* _Records supplied_:
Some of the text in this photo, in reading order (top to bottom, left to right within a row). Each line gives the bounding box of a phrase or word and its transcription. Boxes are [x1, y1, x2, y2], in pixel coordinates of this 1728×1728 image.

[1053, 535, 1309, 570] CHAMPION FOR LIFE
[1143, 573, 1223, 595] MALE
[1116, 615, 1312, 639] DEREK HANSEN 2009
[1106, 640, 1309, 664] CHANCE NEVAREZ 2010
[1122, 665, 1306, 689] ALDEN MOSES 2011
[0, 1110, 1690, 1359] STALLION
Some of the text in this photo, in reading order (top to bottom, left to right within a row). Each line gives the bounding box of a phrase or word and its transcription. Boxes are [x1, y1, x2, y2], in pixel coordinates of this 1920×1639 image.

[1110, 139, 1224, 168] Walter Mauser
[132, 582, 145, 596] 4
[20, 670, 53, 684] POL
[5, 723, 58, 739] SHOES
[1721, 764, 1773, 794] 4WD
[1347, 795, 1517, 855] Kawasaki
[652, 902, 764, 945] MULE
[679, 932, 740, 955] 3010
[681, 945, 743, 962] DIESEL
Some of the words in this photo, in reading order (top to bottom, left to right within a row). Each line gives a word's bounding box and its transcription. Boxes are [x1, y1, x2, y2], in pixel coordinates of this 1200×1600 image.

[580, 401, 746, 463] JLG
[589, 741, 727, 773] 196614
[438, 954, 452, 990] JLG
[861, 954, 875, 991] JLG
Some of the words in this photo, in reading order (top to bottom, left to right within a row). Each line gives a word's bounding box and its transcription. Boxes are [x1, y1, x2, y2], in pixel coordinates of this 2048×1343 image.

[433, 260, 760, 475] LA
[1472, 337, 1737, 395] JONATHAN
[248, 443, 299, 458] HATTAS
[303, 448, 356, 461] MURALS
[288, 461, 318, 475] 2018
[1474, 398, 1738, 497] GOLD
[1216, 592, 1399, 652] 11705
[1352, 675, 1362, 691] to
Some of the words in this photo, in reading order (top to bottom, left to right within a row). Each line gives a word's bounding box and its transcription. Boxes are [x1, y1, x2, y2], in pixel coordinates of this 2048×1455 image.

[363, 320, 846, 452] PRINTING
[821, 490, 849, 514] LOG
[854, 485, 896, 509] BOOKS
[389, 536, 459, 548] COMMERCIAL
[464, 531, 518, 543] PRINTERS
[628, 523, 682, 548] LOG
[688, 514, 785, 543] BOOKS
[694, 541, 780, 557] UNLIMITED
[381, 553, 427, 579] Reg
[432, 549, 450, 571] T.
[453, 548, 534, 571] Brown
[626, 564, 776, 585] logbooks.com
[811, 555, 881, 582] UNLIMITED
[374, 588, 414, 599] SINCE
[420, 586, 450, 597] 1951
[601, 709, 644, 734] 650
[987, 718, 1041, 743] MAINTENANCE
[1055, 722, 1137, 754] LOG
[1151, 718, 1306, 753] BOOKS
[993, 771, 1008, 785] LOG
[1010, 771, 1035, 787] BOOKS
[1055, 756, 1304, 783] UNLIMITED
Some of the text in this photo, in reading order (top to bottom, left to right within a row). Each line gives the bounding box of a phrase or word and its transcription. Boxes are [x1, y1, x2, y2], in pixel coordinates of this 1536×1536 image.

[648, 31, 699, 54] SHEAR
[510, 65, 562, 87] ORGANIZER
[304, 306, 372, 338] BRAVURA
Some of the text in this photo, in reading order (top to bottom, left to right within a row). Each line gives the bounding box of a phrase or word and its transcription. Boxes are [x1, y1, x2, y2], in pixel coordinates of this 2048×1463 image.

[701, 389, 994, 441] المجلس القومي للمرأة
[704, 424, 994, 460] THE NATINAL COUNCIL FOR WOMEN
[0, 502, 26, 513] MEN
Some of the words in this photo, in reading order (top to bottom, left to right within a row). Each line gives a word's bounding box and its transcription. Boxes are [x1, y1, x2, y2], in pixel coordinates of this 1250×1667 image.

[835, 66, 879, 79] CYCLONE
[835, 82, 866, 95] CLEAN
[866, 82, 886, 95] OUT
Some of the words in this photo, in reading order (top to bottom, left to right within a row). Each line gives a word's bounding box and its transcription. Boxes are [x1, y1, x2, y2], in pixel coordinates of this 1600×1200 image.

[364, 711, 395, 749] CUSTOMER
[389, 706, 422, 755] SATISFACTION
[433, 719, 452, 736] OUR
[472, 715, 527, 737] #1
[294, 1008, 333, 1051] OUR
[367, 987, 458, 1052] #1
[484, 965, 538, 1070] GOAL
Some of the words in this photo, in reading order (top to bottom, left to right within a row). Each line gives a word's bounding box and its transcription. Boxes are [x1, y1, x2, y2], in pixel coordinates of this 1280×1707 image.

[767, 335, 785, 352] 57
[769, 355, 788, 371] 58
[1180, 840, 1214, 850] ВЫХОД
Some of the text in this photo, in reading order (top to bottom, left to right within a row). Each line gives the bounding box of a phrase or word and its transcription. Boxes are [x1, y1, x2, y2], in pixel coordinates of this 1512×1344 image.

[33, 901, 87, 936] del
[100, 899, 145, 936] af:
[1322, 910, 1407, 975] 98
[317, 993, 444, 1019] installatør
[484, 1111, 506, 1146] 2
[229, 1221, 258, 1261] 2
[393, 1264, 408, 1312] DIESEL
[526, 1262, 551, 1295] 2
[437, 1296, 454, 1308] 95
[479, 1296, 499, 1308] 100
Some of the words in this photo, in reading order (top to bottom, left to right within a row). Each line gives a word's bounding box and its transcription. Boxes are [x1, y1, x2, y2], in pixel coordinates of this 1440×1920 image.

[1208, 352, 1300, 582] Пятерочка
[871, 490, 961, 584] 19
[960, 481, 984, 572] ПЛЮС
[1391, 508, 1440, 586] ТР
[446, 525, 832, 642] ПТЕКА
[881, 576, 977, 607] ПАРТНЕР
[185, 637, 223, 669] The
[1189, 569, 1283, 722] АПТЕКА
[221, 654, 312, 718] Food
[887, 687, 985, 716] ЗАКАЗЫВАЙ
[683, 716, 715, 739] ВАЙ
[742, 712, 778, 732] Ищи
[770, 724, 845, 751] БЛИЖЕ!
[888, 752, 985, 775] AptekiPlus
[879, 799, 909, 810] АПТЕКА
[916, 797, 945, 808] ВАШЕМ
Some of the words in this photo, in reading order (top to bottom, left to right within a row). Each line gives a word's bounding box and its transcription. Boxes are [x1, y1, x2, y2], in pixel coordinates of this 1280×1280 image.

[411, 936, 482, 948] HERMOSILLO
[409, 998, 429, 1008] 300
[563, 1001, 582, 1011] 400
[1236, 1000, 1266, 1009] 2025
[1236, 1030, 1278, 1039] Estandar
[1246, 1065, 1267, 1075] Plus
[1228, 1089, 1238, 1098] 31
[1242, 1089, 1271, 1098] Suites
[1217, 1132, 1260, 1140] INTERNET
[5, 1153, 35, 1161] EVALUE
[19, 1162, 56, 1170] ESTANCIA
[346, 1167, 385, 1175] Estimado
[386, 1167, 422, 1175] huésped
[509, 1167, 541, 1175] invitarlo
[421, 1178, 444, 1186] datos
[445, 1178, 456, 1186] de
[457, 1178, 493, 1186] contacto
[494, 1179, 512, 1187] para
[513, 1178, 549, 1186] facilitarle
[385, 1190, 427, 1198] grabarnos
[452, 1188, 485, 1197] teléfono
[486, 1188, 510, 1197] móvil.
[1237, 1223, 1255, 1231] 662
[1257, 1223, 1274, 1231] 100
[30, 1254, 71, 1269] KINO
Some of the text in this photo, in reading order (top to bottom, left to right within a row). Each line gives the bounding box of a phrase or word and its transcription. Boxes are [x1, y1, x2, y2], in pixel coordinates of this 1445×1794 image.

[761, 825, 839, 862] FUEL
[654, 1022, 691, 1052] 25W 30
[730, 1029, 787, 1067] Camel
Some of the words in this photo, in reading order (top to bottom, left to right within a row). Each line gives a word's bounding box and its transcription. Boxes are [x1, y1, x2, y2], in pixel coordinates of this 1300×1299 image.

* _Instructions for the task_:
Please copy exactly the lines from the one that contains "this 1445×1794 image." up to and including the final line of the listing above.

* _Solution to this exercise_:
Some of the text in this photo, in reading order (top to bottom, left to right within a row). Each line gives the bounding box of a phrase or word and its transcription. Boxes are [x1, y1, x2, y2], in pixel coordinates of this 1445×1794 image.

[761, 825, 839, 862] FUEL
[654, 1022, 691, 1052] 25W 30
[730, 1029, 787, 1067] Camel
Some of the words in this photo, in reading order (top to bottom, left to right within a row). Each line gives a word's bounding box and its transcription. Boxes are [x1, y1, x2, y2], in pixel coordinates of this 1300×1299 image.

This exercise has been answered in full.